On a similar note, Jennifer Lawrence is refusing to diet for her roll of Katniss. Some critics have said that she should be a lot skinnier if she’s supposed to be a starving girl. This follows that standard in Hollywood that people need to suffer and change their appearance for a roll. Like Natalie Portman, who was praised for dropping 20 or so pounds for her movie The Black Swan; or Danny Devito who gained 60 lbs for a roll. Or Rene Zellweger who had to gain weight for Bridget Jones Diary, and then had to loose it for other roles.
Lawrence said that she was very aware of how she looked for Katniss, and she was focusing on being fit and healthy rather than skinny and malnourished. I’ve been on a few online forums looking at this stuff, and what I keep running into is that people think she’s crazy beautiful, which she is. But I kept finding comments somewhere along the lines of “She’s really hot, so it’s okay she’s not super skinny” over and over again, and it pissed me off. There are a whole lot of assumptions to be made based on that one comment. It’s okay not to be skinny if you’re beautiful; or she’s beautiful despite the fact she’s not underweight; or maybe if she hadn’t been crazy beautiful, their comment would change to Yeah, she should have been skinnier if she was a starving girl.

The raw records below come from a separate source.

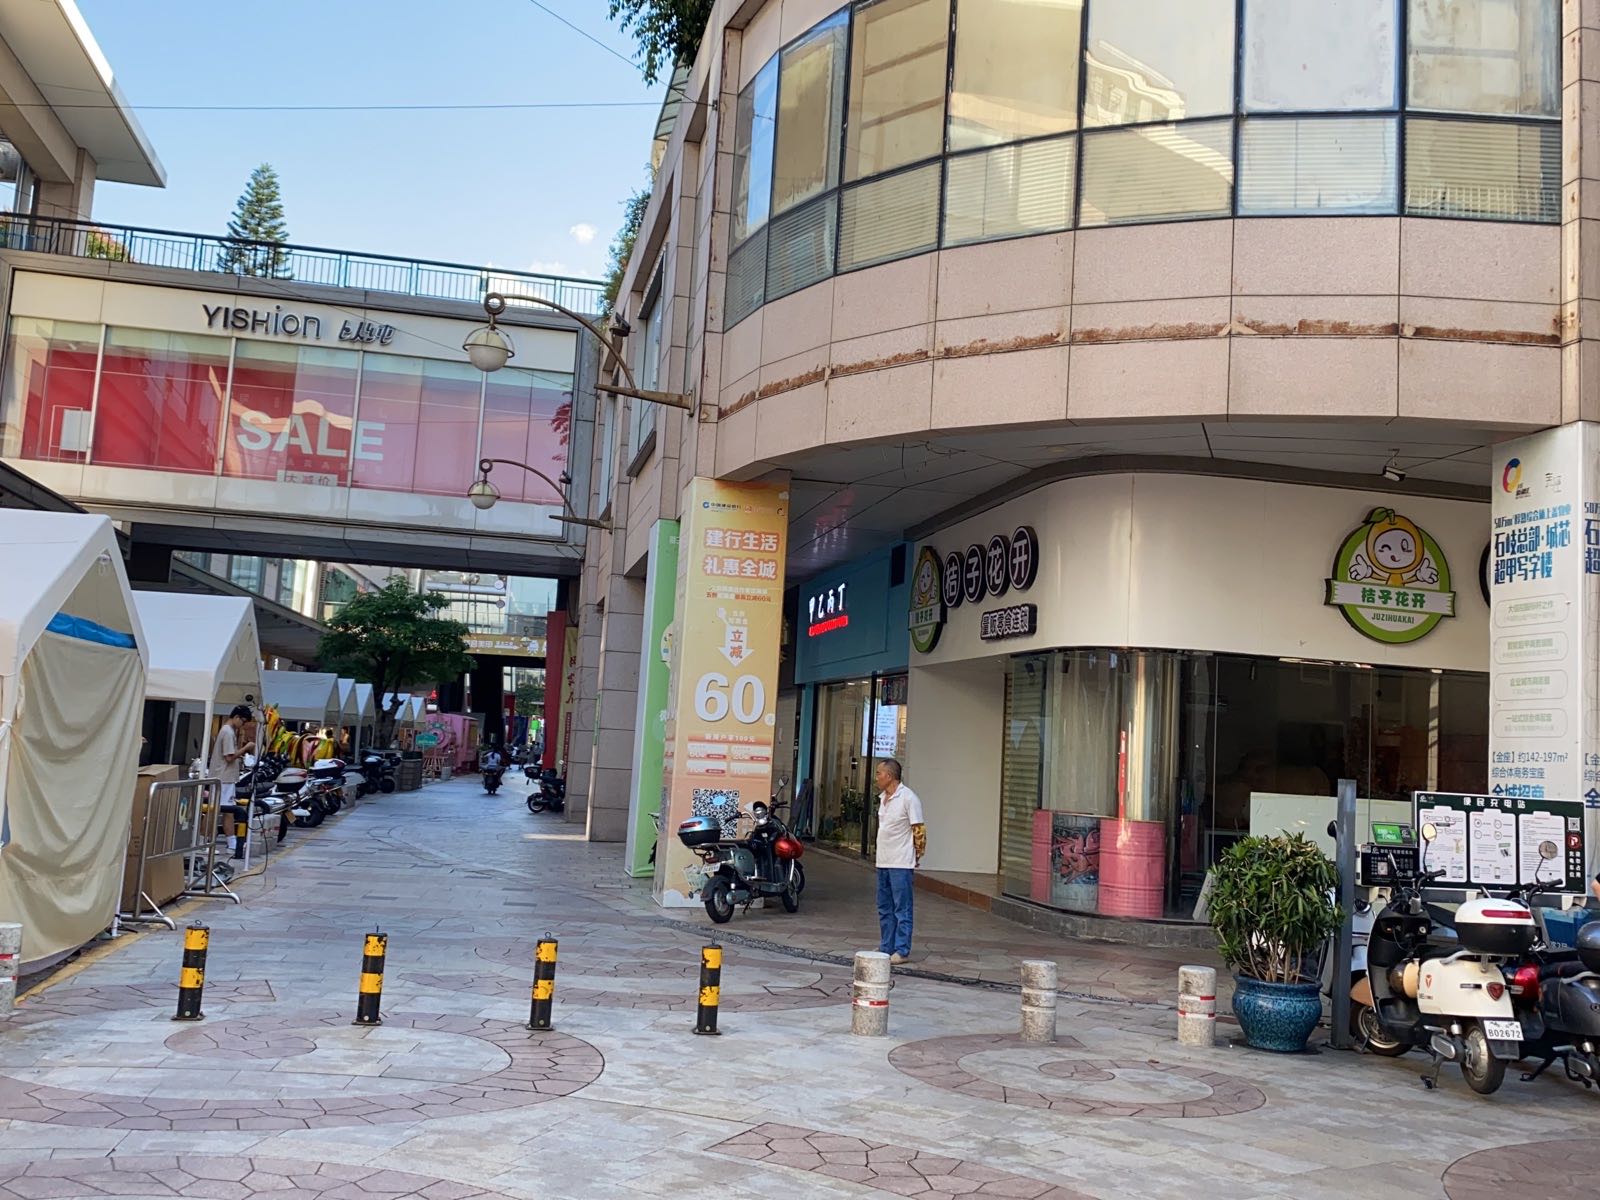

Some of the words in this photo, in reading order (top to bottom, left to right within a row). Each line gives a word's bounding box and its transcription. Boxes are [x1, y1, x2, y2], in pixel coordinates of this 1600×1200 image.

[236, 410, 385, 461] SALE
[705, 529, 778, 551] 建行生活
[704, 557, 776, 579] 礼惠全城
[944, 537, 1030, 599] 桔子花开
[1494, 551, 1553, 585] 超甲写字楼
[1361, 587, 1426, 609] 桔子花开
[730, 629, 744, 659] 立减
[694, 671, 766, 724] 60
[1463, 797, 1526, 809] 便民充电站
[1488, 1028, 1521, 1039] B02672

(By the way, Katniss was not a starving girl, despite living in a starving town. In the books, Katniss was a serious hunter. Her family ate better than most of the families in District 7 because she was always bringing home food for them. She wasn’t starving, she shouldn’t be thin, people don’t know what they’re talking about. How in the world could she have won The Hunger Games if she was thin, frail, and weak?)
But both these stories about Lady Gaga and Jennifer Lawrence… are they really news worthy? Apparently so, because they are. Because people search these kind of things out and read about it. Why does this matter so much? I think it’s sad that there are news articles about these women’s weight. Choosing not to diet is newsworthy. Gaining a little weight makes headlines. Is this or is this not kind of fucked up? I’m not talking about journalists and news sites doing a really bang up job of bringing the public important news; it’s this standard of beauty, this pressure on women, to be beautiful and thin in the media. I always hear about the pressure the media puts on women… it’s right here! We’re still doing it.
We hear about Lady Gaga gaining weight, and not about some one like let’s say Adele, because Lady Gaga is a sex symbol, and her gaining this weight is contrary to the popular public belief of what beauty and sex is.
We hear about Jennifer refusing to diet because she’s a famous woman and famous women have a long line of history of being thin and
gorgeous; of being anorexic and bulimic; of popping pills and getting plastic surgery done to be plump and symmetrical; of being the most beautiful people on earth. And hearing a celebrity is on a diet is not something that the public shakes their head at and says “She’s already beautiful. She should just love herself for who she is.” No, we instead go “Yeah, good for her, losing some weight,” or “What diet did she use? I want to try it too.”
These famous people, the people flooding the media, are invariably and unfortunately the people that we as a whole try to model ourselves against (probably more so children and teens than anyone else). The more people we have coming out and not only saying love yourself for who you are, but actually doing that, the better off we’ll be I think. That message will start to seep into the younger generations. They’ll take it seriously because a celebrity said it instead of their moms.
Hm, I wonder if I’ve gotten a smidgen off point here? Oh well. Let’s bring it back. Anyone who thinks it is their business to tell these women how they should and should not look can go fuck themselves. There, that seemed to wrap it up nicely.